Work to be completed >>
Your answer must consist of the records below, reproduced exactly, with every picture removed.

Data for this task: Begin

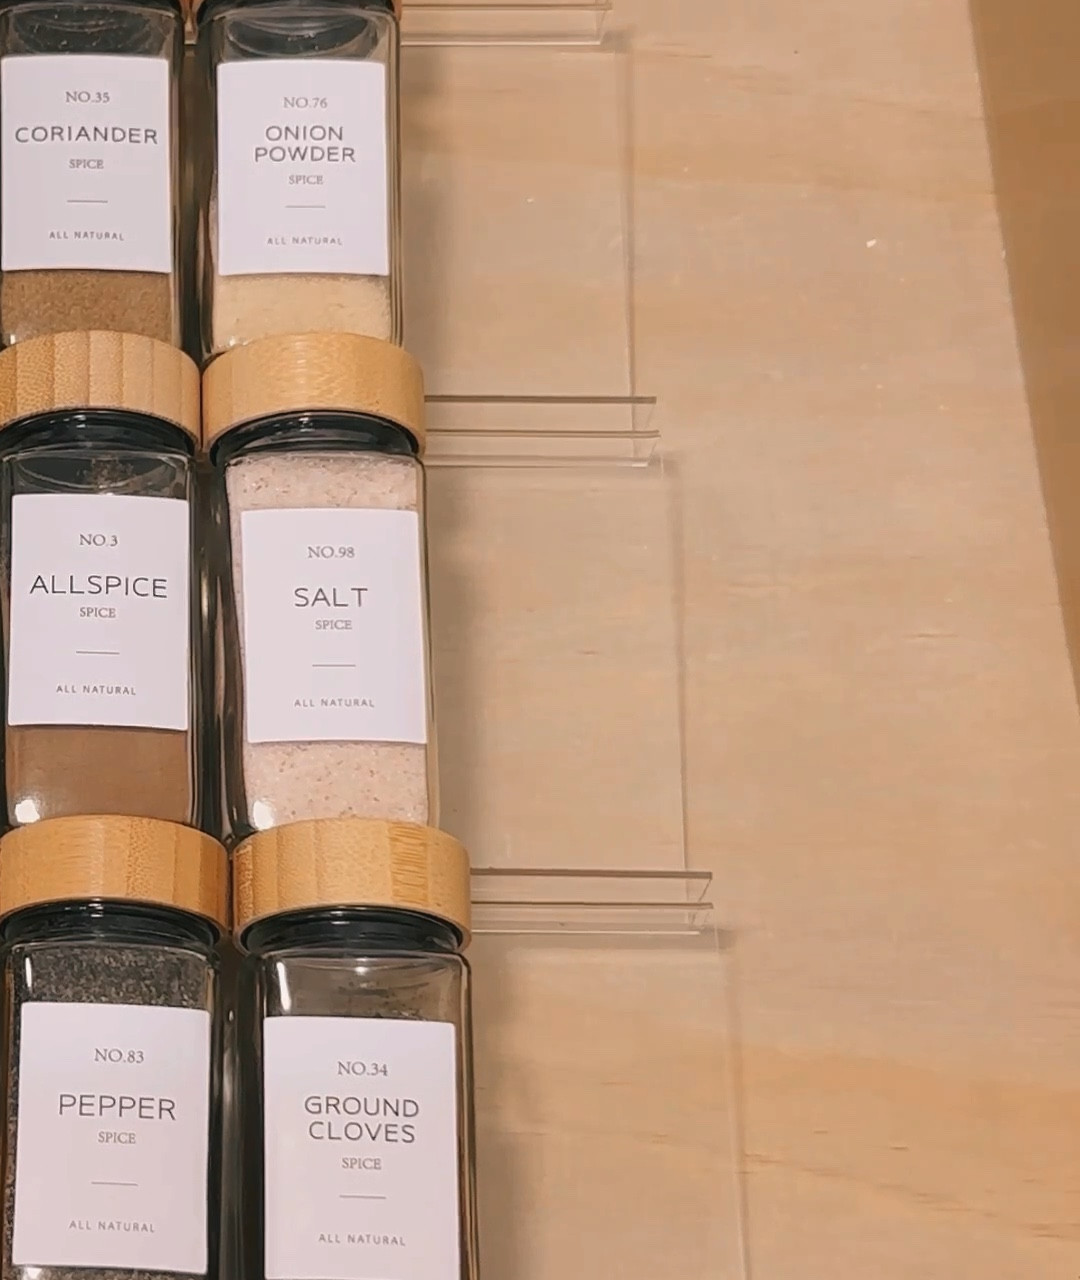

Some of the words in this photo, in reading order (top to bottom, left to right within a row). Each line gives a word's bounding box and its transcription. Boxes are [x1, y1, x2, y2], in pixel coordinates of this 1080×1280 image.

[66, 91, 110, 103] NO.35
[284, 97, 327, 108] NO.76
[15, 126, 157, 144] CORIANDER
[266, 125, 343, 141] ONION
[255, 146, 355, 162] POWDER
[69, 159, 104, 169] SPICE
[289, 175, 323, 184] SPICE
[50, 232, 69, 240] ALL
[74, 231, 124, 242] NATURAL
[268, 237, 287, 246] ALL
[292, 237, 343, 246] NATURAL
[80, 534, 117, 546] NO.3
[308, 546, 355, 558] NO.98
[30, 575, 167, 598] ALLSPICE
[295, 588, 368, 607] SALT
[80, 607, 115, 618] SPICE
[316, 620, 352, 630] SPICE
[56, 685, 77, 694] ALL
[83, 686, 137, 696] NATURAL
[294, 699, 315, 708] ALL
[321, 698, 375, 708] NATURAL
[95, 1048, 144, 1063] NO.83
[338, 1062, 387, 1076] NO.34
[60, 1094, 175, 1120] PEPPER
[305, 1096, 419, 1117] GROUND
[98, 1131, 136, 1144] SPICE
[309, 1121, 414, 1143] CLOVES
[342, 1158, 381, 1170] SPICE
[69, 1220, 92, 1231] ALL
[98, 1222, 155, 1234] NATURAL
[319, 1234, 341, 1244] ALL
[348, 1234, 406, 1247] NATURAL

Data for this task: End

Answer to this exercise >>
Some of the words in this photo, in reading order (top to bottom, left to right within a row). Each line gives a word's bounding box and its transcription. Boxes are [x1, y1, x2, y2], in pixel coordinates of this 1080×1280 image.

[66, 91, 110, 103] NO.35
[284, 97, 327, 108] NO.76
[15, 126, 157, 144] CORIANDER
[266, 125, 343, 141] ONION
[255, 146, 355, 162] POWDER
[69, 159, 104, 169] SPICE
[289, 175, 323, 184] SPICE
[50, 232, 69, 240] ALL
[74, 231, 124, 242] NATURAL
[268, 237, 287, 246] ALL
[292, 237, 343, 246] NATURAL
[80, 534, 117, 546] NO.3
[308, 546, 355, 558] NO.98
[30, 575, 167, 598] ALLSPICE
[295, 588, 368, 607] SALT
[80, 607, 115, 618] SPICE
[316, 620, 352, 630] SPICE
[56, 685, 77, 694] ALL
[83, 686, 137, 696] NATURAL
[294, 699, 315, 708] ALL
[321, 698, 375, 708] NATURAL
[95, 1048, 144, 1063] NO.83
[338, 1062, 387, 1076] NO.34
[60, 1094, 175, 1120] PEPPER
[305, 1096, 419, 1117] GROUND
[98, 1131, 136, 1144] SPICE
[309, 1121, 414, 1143] CLOVES
[342, 1158, 381, 1170] SPICE
[69, 1220, 92, 1231] ALL
[98, 1222, 155, 1234] NATURAL
[319, 1234, 341, 1244] ALL
[348, 1234, 406, 1247] NATURAL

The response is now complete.